Swatki

387 15 16
                                    


Od powrotu z wakacji wasza dwójka zbliżyła się do siebie . Głównym powodem takiego zachowania był Yakov ,który miał zamiar zamordować nastolatka. Właśnie od tego czasu nastolatek na lodowisku wolał się od ciebie nie oddalać , jak to powiedział,, wybieram miejsze zło".

Mieliście teraz wszyscy przerwę i mogliście robić co chcecie.

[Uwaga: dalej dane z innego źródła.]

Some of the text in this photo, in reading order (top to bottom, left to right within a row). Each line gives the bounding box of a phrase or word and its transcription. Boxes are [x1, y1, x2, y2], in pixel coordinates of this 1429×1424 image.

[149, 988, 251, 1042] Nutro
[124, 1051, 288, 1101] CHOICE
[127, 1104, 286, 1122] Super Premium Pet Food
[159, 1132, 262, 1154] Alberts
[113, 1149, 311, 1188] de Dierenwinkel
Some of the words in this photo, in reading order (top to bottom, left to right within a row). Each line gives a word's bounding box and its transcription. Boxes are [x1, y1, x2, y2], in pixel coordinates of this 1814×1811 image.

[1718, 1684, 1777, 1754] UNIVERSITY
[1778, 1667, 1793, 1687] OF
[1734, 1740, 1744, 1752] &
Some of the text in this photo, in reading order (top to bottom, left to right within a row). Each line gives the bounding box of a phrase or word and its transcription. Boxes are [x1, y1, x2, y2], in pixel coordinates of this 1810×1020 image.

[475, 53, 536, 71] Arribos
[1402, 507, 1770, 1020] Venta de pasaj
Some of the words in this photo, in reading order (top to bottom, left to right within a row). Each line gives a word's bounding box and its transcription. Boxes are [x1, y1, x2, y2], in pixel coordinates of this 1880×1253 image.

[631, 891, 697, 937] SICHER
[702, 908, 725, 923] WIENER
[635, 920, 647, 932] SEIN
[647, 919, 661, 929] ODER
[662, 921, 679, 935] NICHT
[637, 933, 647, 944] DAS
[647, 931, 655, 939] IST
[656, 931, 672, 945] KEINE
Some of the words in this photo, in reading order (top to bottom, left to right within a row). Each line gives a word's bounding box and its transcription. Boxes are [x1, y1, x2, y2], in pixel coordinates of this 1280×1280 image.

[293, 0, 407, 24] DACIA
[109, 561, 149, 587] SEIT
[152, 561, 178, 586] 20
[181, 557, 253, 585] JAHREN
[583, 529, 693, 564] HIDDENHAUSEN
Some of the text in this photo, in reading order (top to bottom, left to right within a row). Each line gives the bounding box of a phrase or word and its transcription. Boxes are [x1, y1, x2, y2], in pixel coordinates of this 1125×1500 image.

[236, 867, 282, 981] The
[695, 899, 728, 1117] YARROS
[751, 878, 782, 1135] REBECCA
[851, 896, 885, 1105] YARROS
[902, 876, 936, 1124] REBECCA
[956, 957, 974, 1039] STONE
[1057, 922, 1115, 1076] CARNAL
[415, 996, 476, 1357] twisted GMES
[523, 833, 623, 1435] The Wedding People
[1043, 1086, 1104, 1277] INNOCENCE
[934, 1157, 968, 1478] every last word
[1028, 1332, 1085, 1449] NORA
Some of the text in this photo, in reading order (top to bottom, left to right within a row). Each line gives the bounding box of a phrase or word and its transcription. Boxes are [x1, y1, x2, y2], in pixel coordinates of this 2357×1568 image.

Ty z Juraśką oglądaliście śmieszne koty ,próbując co jakiś czas naśladować ich mordki. Wasze zachowanie wywoływało uśmiech u łyżwiarzy, nawet pan za dużo tapety się uśmiechnął. Najbardziej ze wszystkich przypatrywała się jednak Mila i długo nie myśląc poszła po Victora.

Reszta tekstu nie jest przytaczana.